El Salvador und die USA spielen Tischtennis mit einem Migranten
In einer Wendung, die einer politischen Reality-Show würdig wäre, waren sich die Berater von Donald Trump und Nayib Bukele selbst – dem salvadorianischen Präsidenten, der aus der Liste „cooler“ Anführer zu stammen scheint – in einer Sache einig: Kilmar Ábrego García, der Einwohner von Maryland, der fälschlicherweise in ein Bandengefängnis abgeschoben wurde, ist nicht ihr Problem. Klar, warum sollte man sich über ein Detail Sorgen machen, wie zum Beispiel jemanden an einen Ort zu schicken, an dem er zerstückelt werden könnte? Dinge, die passieren.
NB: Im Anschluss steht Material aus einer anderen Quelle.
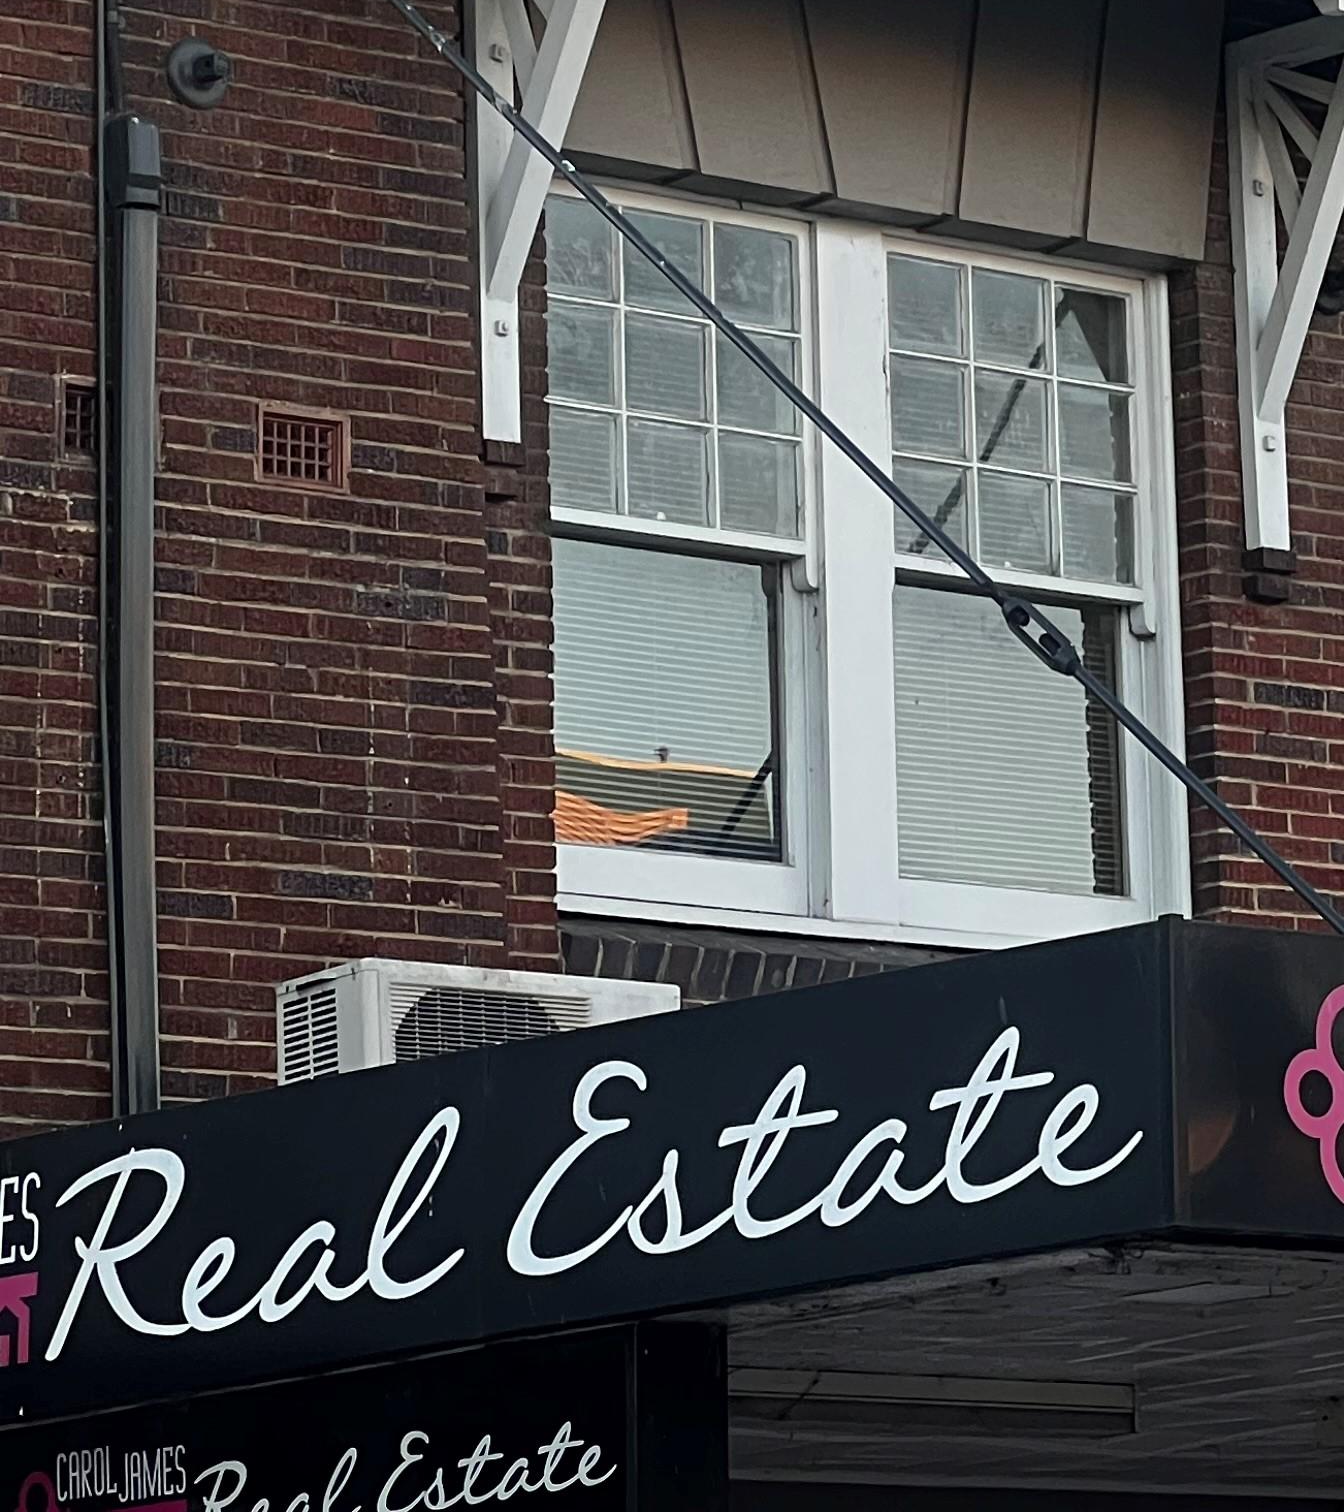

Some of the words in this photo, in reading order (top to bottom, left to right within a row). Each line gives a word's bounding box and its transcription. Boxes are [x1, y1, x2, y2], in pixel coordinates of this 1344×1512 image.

Die Logik von „Es ist nicht mein Job“
Bukele, dessen Regierung 84.000 Menschen (ja, Sie haben richtig gelesen: fast die Bevölkerung von Monaco) inhaftiert hat, nannte die Idee, Ábrego zurückzugeben, „absurd“. Absurd? Was für ein Zufall! Es ist auch absurd, dass ein Einwanderungsgericht seine Abschiebung verbieten würde … aber hier sind wir. Der Präsident, ein Experte für persönliches Marketing und stilisierte Repression, ließ sogar einen Edelstein fallen: „Wie soll ich einen Terroristen in die USA schmuggeln?“. Denn wenn man versehentlich abgeschoben wird, ist man natürlich automatisch ein Terrorist. Tadellose Logik.
Unterdessen erklärten die Vereinigten Staaten, ein Land, das Ábrego ja abgeschoben hat, den Fehler aber nicht akzeptieren will, großmütig, dass sie „ein Flugzeug zur Verfügung stellen“ würden, wenn El Salvador seine Meinung ändern würde. Was für eine Großzügigkeit! Allerdings erinnerte Justizministerin Pam Bondi daran, dass sich der Mann „illegal in unserem Land aufgehalten“ habe. Denn nichts löst einen Fehler so sehr, wie das Beharren auf einem anderen.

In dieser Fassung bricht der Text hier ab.